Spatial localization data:
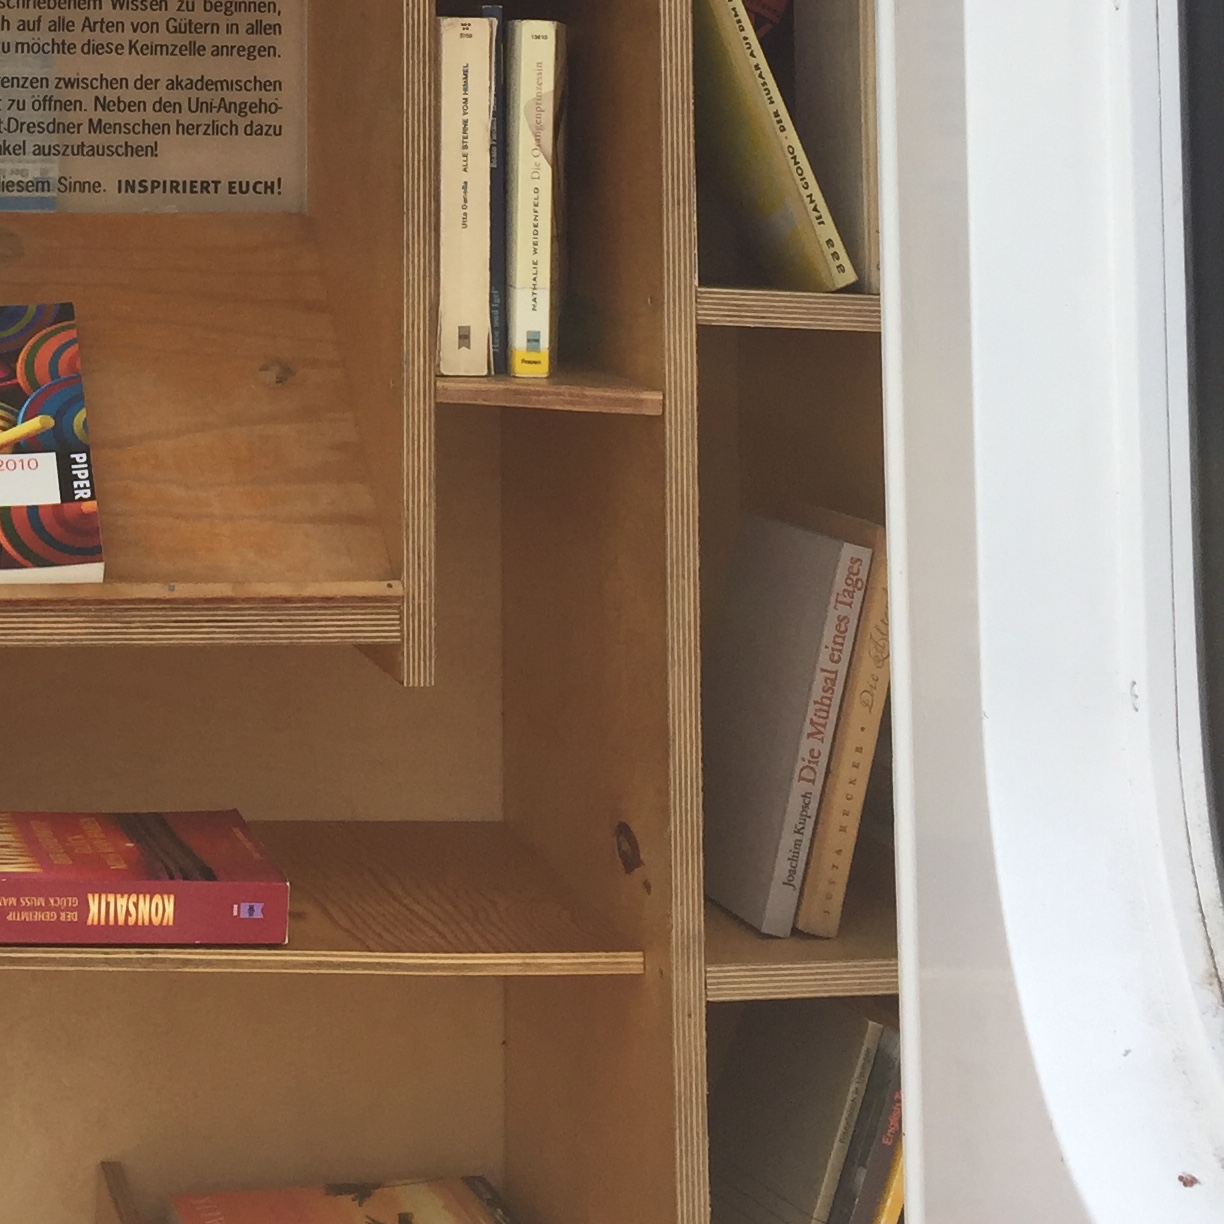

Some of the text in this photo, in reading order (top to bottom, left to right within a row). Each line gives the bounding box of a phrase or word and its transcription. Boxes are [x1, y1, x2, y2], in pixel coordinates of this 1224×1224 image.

[729, 5, 746, 33] DEM
[740, 34, 757, 60] AUF
[53, 72, 130, 92] zwischen
[132, 72, 162, 92] der
[164, 73, 283, 93] akademischen
[752, 62, 775, 105] HUSAR
[771, 108, 787, 133] DER
[31, 138, 159, 158] auszutauschen!
[530, 161, 540, 180] Die
[784, 143, 811, 190] GIONO
[56, 174, 107, 194] Sinne.
[116, 175, 223, 195] INSPIRIERT
[227, 175, 283, 195] EUCH!
[805, 192, 826, 227] JEAN
[70, 452, 91, 500] PIPER
[797, 555, 868, 786] Die Mühsal eines Tages
[781, 790, 814, 890] Joachim Kupsch
[20, 895, 46, 907] MUSS
[49, 896, 78, 909] GLÜCK
[86, 893, 175, 926] KONSALIK
[6, 910, 78, 923] DER GEHEIMTIP

▸ The problem: Print the data again, word for word, without any pictures.

▸ Answer to this problem:
Some of the text in this photo, in reading order (top to bottom, left to right within a row). Each line gives the bounding box of a phrase or word and its transcription. Boxes are [x1, y1, x2, y2], in pixel coordinates of this 1224×1224 image.

[729, 5, 746, 33] DEM
[740, 34, 757, 60] AUF
[53, 72, 130, 92] zwischen
[132, 72, 162, 92] der
[164, 73, 283, 93] akademischen
[752, 62, 775, 105] HUSAR
[771, 108, 787, 133] DER
[31, 138, 159, 158] auszutauschen!
[530, 161, 540, 180] Die
[784, 143, 811, 190] GIONO
[56, 174, 107, 194] Sinne.
[116, 175, 223, 195] INSPIRIERT
[227, 175, 283, 195] EUCH!
[805, 192, 826, 227] JEAN
[70, 452, 91, 500] PIPER
[797, 555, 868, 786] Die Mühsal eines Tages
[781, 790, 814, 890] Joachim Kupsch
[20, 895, 46, 907] MUSS
[49, 896, 78, 909] GLÜCK
[86, 893, 175, 926] KONSALIK
[6, 910, 78, 923] DER GEHEIMTIP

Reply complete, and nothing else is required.